Young people want to take professional short-term courses in order to earn a decent job. Short-term courses focusing on improving technical and soft skills required in IT-ITES employment are now available through a variety of professional skill development platforms. More girls are opting for these courses as a result of the increase of online learning and work-from-home (WFH) opportunities.

After completing the course, work opportunities exist in a variety of fields, including administration, finance, telecommunications, human resources, healthcare, outsourcing, and banking, among others. For people wishing to transition from non-IT to IT, courses like Business Intelligence, Data Analytics, User Experience Design, Growth Hacking, and Web Analyst Specialist are in high demand. Because of the increased labour demands, programming courses such as Java, Ruby, and Ruby on Rails are becoming increasingly popular. Aside from growth, there is a strong community of learners that assist one another.

Changes in the system: The Indian educational environment has seen significant transformations. During the school years, there has been an effort to cultivate an enthusiasm for STEM disciplines among girls. This piqued their attention, prompting them to enrol in IT-ITeS courses.

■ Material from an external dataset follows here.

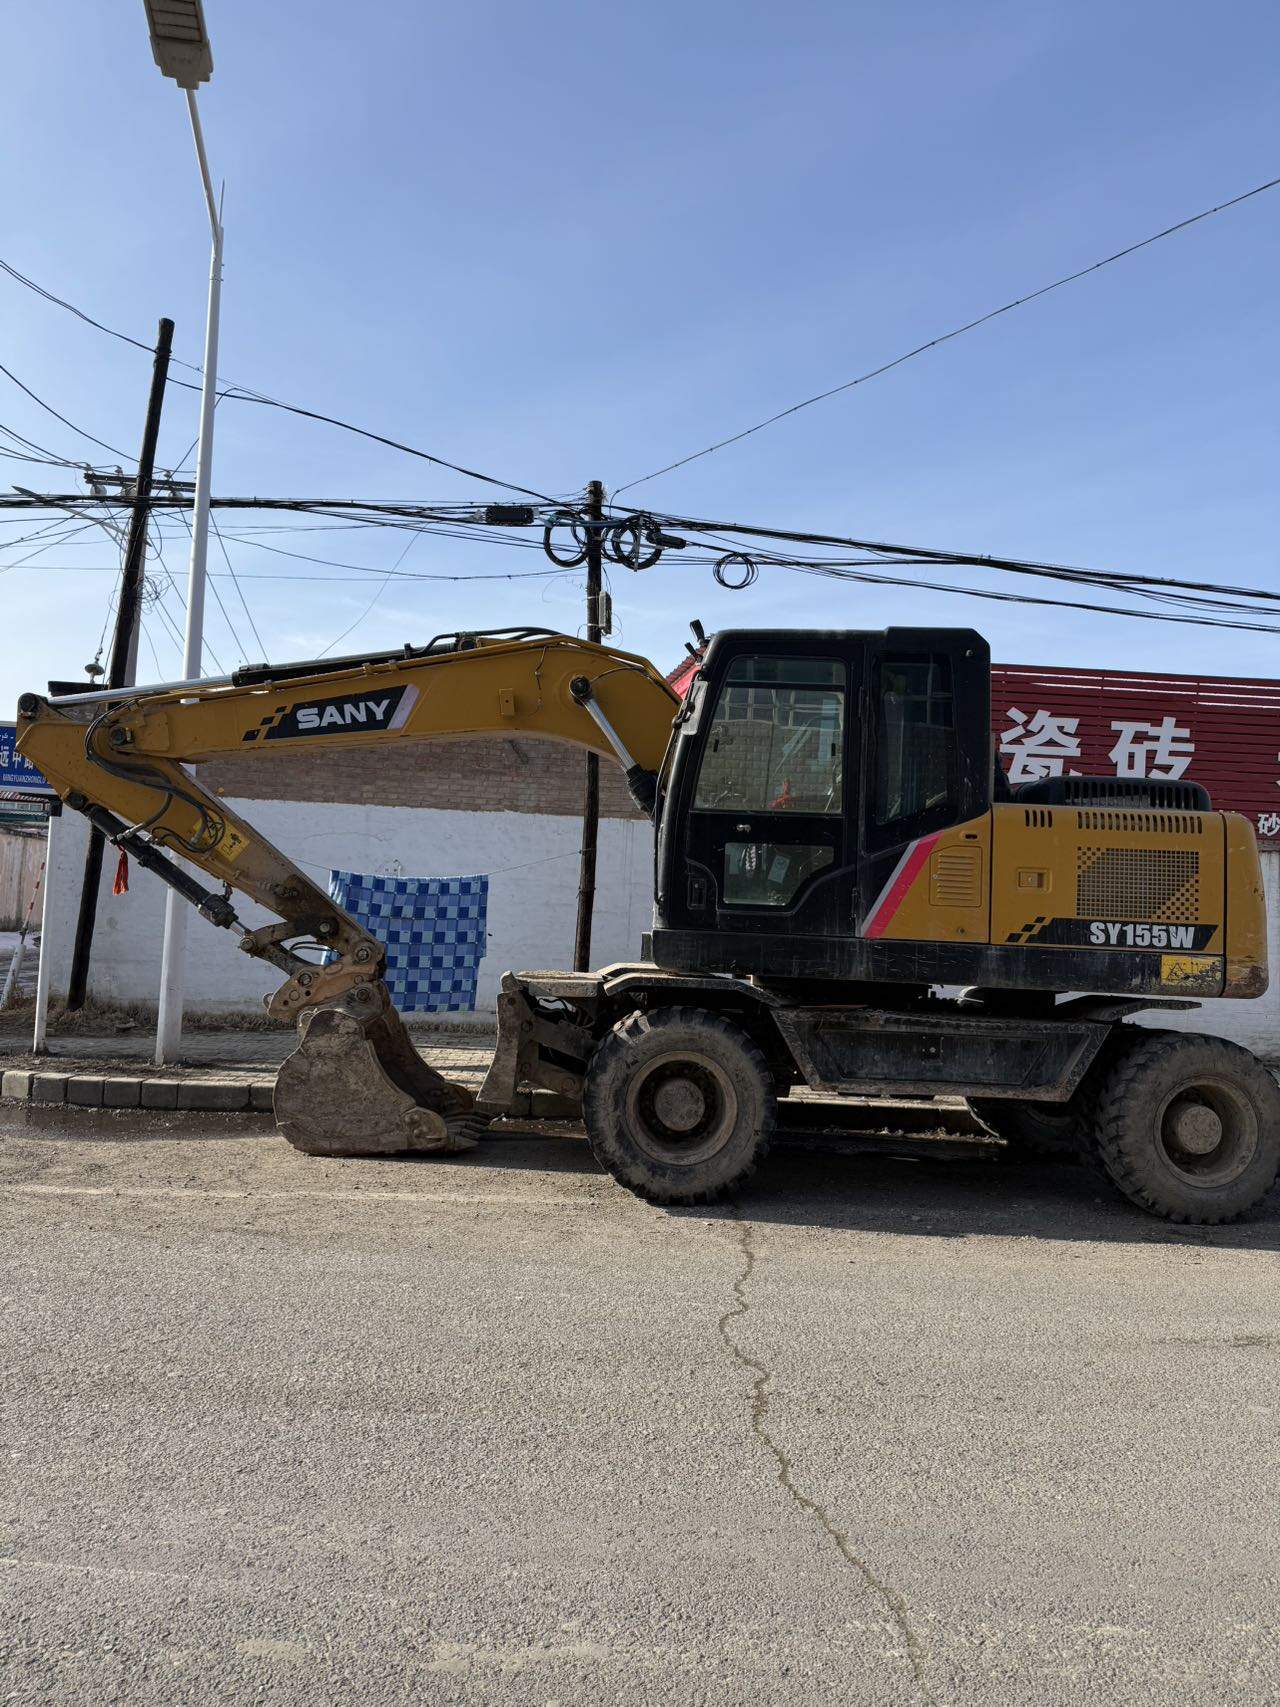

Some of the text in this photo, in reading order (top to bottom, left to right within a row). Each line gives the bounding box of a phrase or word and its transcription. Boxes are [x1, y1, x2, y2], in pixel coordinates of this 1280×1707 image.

[296, 699, 390, 729] SANY
[1000, 706, 1195, 784] 瓷砖
[1258, 813, 1280, 836] 砂
[1089, 921, 1195, 948] SY155W

Girls are breaking free from patriarchal restraints and pushing beyond traditional conceptions of what they can and cannot achieve as a result of increased access to education and job counselling. They've realised that in male-dominated fields like IT-ITeS, they have the opportunity to shine.

More institutions: Over the last decade, the number of private institutions providing such courses has expanded as well. Many of them collaborate with overseas institutions that provide high-quality education. They also urge girls to pursue IT and ITeS subjects.

Changed attitudes regarding education: The pandemic has altered people's attitudes toward education. Corporations welcome the opportunity to engage with brilliant individuals of either gender. Many women have been motivated to enrol in courses in this field as a result of this.